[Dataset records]
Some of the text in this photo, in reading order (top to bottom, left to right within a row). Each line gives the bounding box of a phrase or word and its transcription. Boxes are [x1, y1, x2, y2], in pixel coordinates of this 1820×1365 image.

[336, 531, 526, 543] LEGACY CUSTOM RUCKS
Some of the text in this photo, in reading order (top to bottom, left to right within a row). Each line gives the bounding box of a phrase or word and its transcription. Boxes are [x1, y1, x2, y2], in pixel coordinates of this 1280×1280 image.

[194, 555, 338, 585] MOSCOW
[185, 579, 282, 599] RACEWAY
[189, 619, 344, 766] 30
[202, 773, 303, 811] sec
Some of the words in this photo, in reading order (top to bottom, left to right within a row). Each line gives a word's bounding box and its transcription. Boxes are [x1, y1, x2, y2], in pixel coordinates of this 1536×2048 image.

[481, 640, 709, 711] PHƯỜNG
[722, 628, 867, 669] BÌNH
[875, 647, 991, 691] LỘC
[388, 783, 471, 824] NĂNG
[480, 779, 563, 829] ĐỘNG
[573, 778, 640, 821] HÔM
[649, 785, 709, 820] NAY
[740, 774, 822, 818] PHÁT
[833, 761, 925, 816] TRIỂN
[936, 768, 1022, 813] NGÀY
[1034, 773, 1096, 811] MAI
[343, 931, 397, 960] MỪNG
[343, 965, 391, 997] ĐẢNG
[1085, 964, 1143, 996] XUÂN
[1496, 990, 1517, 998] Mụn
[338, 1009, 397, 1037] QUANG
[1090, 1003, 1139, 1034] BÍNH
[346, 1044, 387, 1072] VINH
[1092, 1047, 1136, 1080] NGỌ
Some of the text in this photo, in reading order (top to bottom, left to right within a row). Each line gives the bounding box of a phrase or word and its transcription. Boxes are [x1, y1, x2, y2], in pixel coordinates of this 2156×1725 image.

WHAT TO PRODUCE: Give back the data above exactly as it appears.

ANSWER:
Some of the text in this photo, in reading order (top to bottom, left to right within a row). Each line gives the bounding box of a phrase or word and its transcription. Boxes are [x1, y1, x2, y2], in pixel coordinates of this 1820×1365 image.

[336, 531, 526, 543] LEGACY CUSTOM RUCKS
Some of the text in this photo, in reading order (top to bottom, left to right within a row). Each line gives the bounding box of a phrase or word and its transcription. Boxes are [x1, y1, x2, y2], in pixel coordinates of this 1280×1280 image.

[194, 555, 338, 585] MOSCOW
[185, 579, 282, 599] RACEWAY
[189, 619, 344, 766] 30
[202, 773, 303, 811] sec
Some of the words in this photo, in reading order (top to bottom, left to right within a row). Each line gives a word's bounding box and its transcription. Boxes are [x1, y1, x2, y2], in pixel coordinates of this 1536×2048 image.

[481, 640, 709, 711] PHƯỜNG
[722, 628, 867, 669] BÌNH
[875, 647, 991, 691] LỘC
[388, 783, 471, 824] NĂNG
[480, 779, 563, 829] ĐỘNG
[573, 778, 640, 821] HÔM
[649, 785, 709, 820] NAY
[740, 774, 822, 818] PHÁT
[833, 761, 925, 816] TRIỂN
[936, 768, 1022, 813] NGÀY
[1034, 773, 1096, 811] MAI
[343, 931, 397, 960] MỪNG
[343, 965, 391, 997] ĐẢNG
[1085, 964, 1143, 996] XUÂN
[1496, 990, 1517, 998] Mụn
[338, 1009, 397, 1037] QUANG
[1090, 1003, 1139, 1034] BÍNH
[346, 1044, 387, 1072] VINH
[1092, 1047, 1136, 1080] NGỌ
Some of the text in this photo, in reading order (top to bottom, left to right within a row). Each line gives the bounding box of a phrase or word and its transcription. Boxes are [x1, y1, x2, y2], in pixel coordinates of this 2156×1725 image.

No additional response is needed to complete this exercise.